Gabo-me de não colocar açúcar no café, sou um ser superior, bebo um sumo (néctar, que de sumo tem pouco, mas estava em promoção), duas fatias de pão de forma (dá uma trabalheira comprar pão mais do que uma vez por mês), cobertas com duas embalagens individuais de compota (menos loiça para lavar) e está feita a refeição mais importante do dia. Já fiz tanto em tão pouco tempo, tenho de abrandar o ritmo, para compensar desço no elevador até sentar no meu carro, que, como já deve imaginar, é automático, colocar mudanças e usar embraiagem é uma canseira estúpida.

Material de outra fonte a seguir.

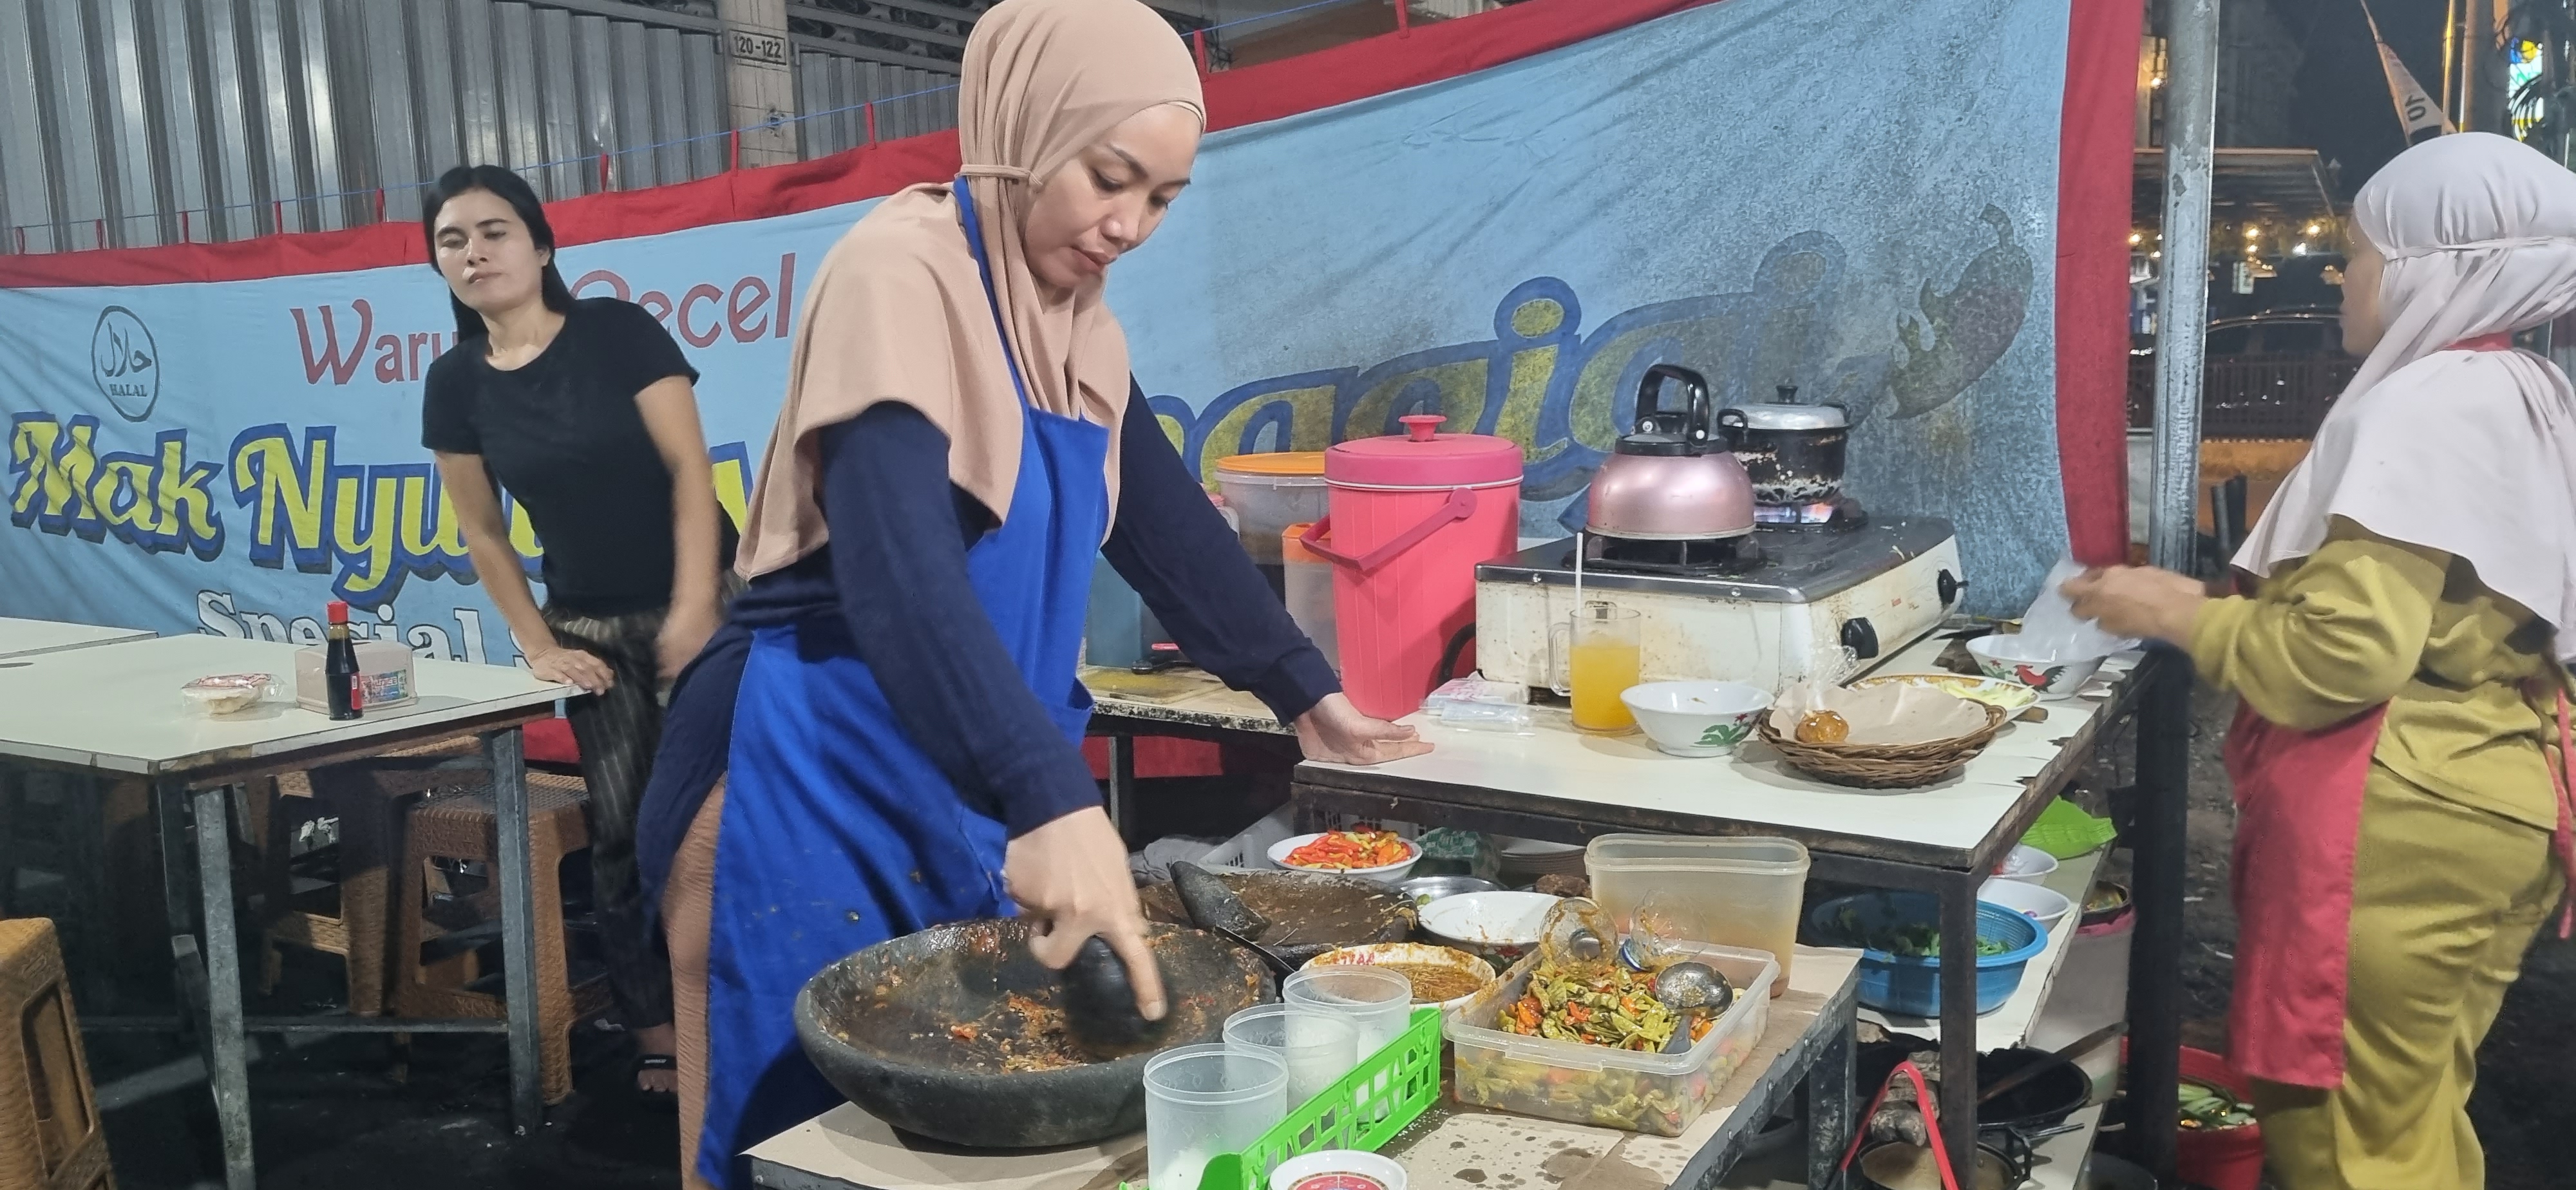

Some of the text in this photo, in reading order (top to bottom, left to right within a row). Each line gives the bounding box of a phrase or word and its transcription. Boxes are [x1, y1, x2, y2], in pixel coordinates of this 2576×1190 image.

[734, 35, 782, 58] 120-122
[100, 321, 152, 377] حلال
[109, 384, 147, 397] HALAL
[9, 411, 225, 562] Mak

Abrem-se as portas do elevador, estou no escritório, preciso mesmo de me sentar e começar a exercitar os neurónios, músculos é que não, tenho mais de 600 no corpo mas vou deixá-los repousar e ganhar energia para algum momento muito importante que possa surgir num futuro que não se deseja próximo.

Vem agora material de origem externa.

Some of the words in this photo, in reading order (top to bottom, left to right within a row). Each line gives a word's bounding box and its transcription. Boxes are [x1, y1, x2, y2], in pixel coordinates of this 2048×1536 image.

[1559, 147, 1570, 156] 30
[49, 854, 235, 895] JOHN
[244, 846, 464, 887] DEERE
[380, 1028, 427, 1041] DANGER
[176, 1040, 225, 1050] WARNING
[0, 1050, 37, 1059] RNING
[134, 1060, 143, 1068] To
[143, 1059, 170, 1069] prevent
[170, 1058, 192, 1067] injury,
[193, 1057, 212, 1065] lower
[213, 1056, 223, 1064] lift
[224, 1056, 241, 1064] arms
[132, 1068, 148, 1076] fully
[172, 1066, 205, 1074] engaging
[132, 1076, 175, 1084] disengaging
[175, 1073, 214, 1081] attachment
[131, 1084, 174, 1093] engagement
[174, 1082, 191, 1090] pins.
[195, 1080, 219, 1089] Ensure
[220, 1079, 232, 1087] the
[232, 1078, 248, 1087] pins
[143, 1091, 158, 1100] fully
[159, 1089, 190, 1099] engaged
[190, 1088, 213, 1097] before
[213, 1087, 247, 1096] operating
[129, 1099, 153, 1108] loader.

Sou um ótimo empregado, estou a produzir a um ritmo incrível, teclo intensamente… acho que abusei, agora tenho sede, que inconveniente. Fico à espreita e reparo que um colega está a circular no escritório, peço-lhe o favor de encher a minha garrafa, bem jogado, assim continuo sentado a produzir até ser hora de almoço e descer no elevador.
Há um restaurante ótimo do outro lado da rua, mas havendo um medíocre deste lado porque raio iria atravessar a rua gratuitamente?
Até me apetecia uma salada, mas o bitoque é o prato do dia, dizem que não tento comer melhor, mas eu tentei por 10 segundos, mas não havia condições, resigno-me ao sabor do frito e finalizo com um bolo de bolacha e um café, mas sem açúcar.
A tarde é exatamente igual à manhã, passou rápido, já estou a caminho do conforto do meu T2 remodelado e decorado de acordo com a melhor ideologia sueca.
Ao pensar que hoje não sairia mais, fui feliz por alguns minutos, não fossem as ideias loucas da família: "Vamos ao centro comercial". Nem queria acreditar no que estava a ouvir! Não há respeito, uma pessoa vem do trabalho acumulando uma forte dose de cansaço, apetecia-me dizer um palavrão, não fosse a presença de duas crianças.
Super contrariado de volta ao carro, viagem longa, andei às voltas 30 minutos e compensou, surgiu um lugar de estacionamento mesmo junto à escada rolante, começo a encarar a situação com um pouco mais de otimismo.
Ainda tive de andar três metros, mas felizmente a escada estava a funcionar! Duas vezes, ao deparar-me com uma escada rolante avariada, abortei os planos e regressei a casa. Deixo a família ir às suas compras e vou direto à zona da restauração, onde degusto uma cerveja e uns amendoins até regressar a casa.
Há aplicações maravilhosas, trazem-me um jantar de sonho em 30 minutos, janto no sofá de forma a não ir sequer à cozinha, podendo ver de seguida duas séries ótimas na "net fixe".
Levo uma cotovelada da esposa: "vai roncar para a cama, não estamos a conseguir ouvir". Arrasto-me para a cama. Ainda me passa pela cabeça lavar os dentes, mas porquê fazer hoje o que podes fazer amanhã?